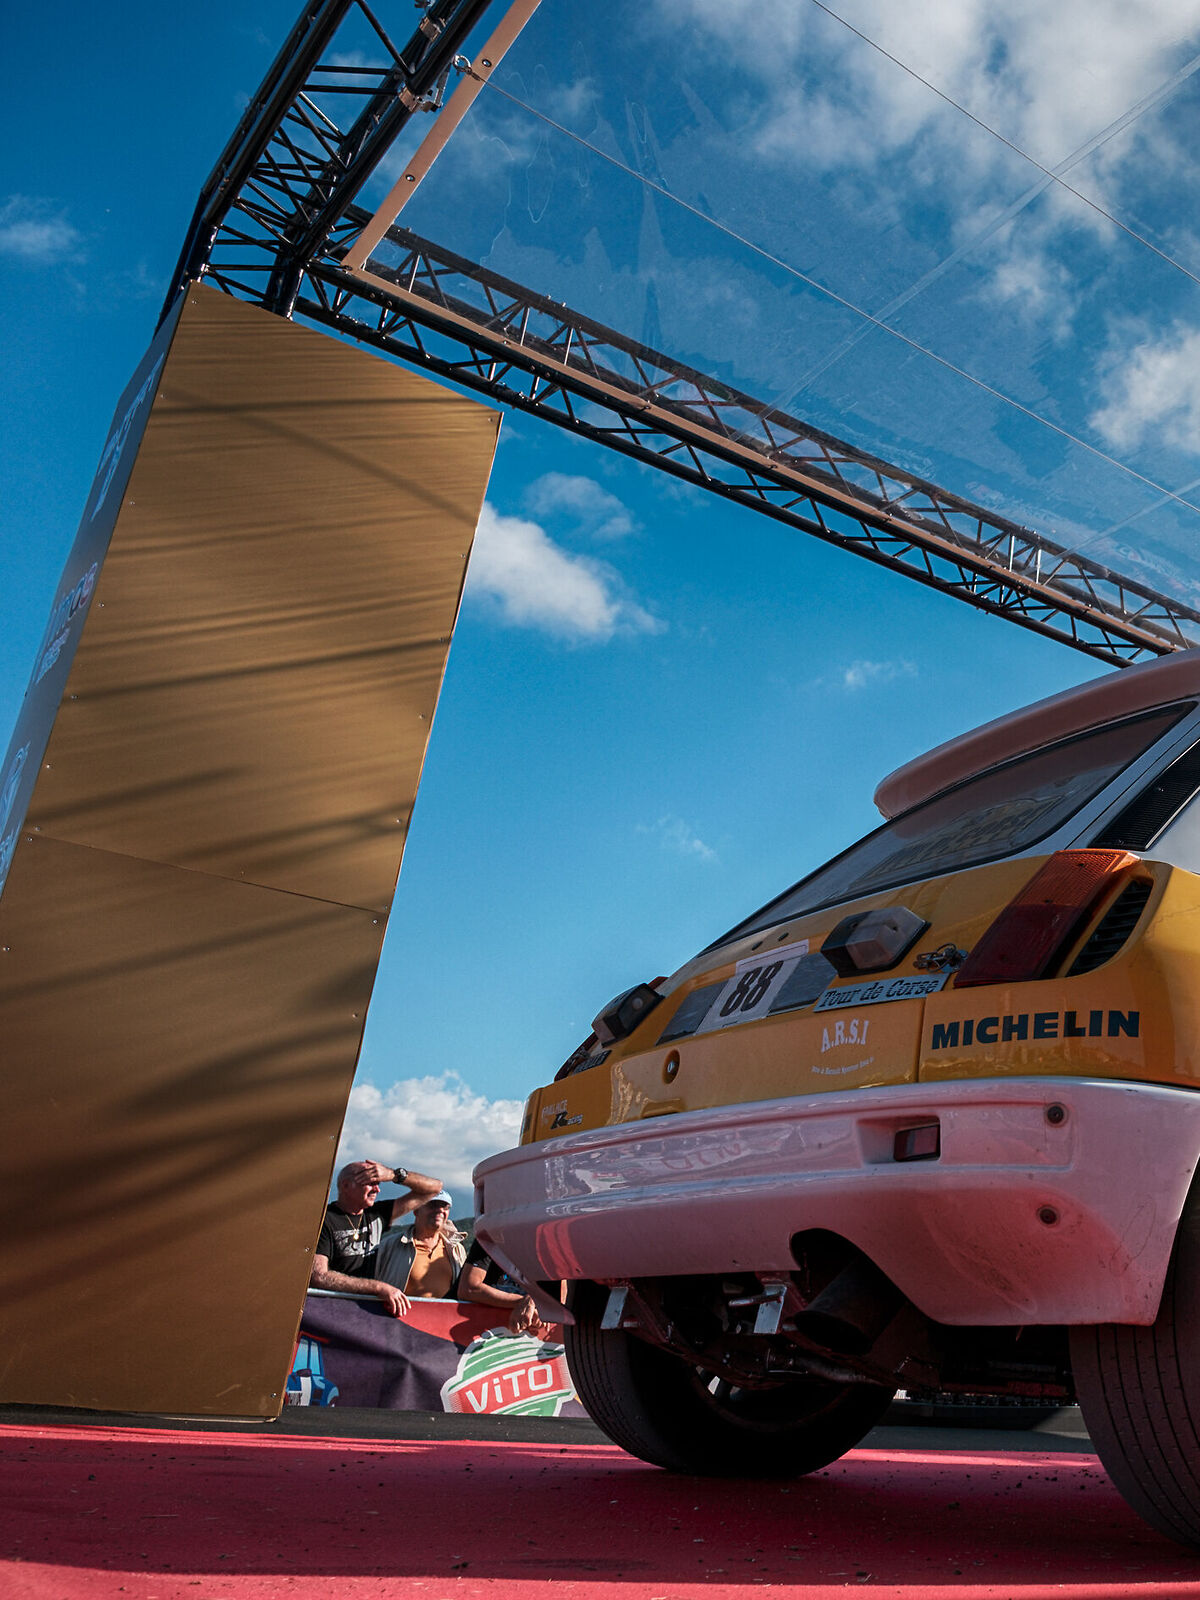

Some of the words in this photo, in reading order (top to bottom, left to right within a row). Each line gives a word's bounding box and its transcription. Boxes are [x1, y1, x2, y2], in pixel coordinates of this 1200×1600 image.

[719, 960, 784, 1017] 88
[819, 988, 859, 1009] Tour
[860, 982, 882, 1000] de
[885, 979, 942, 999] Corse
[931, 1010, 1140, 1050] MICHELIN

--

**DIRECTIONS FOR THIS TASK**
Every record above needs to be repeated exactly; pictures are to be left out.

**RESPONSE TO THE TASK**
Some of the words in this photo, in reading order (top to bottom, left to right within a row). Each line gives a word's bounding box and its transcription. Boxes are [x1, y1, x2, y2], in pixel coordinates of this 1200×1600 image.

[719, 960, 784, 1017] 88
[819, 988, 859, 1009] Tour
[860, 982, 882, 1000] de
[885, 979, 942, 999] Corse
[931, 1010, 1140, 1050] MICHELIN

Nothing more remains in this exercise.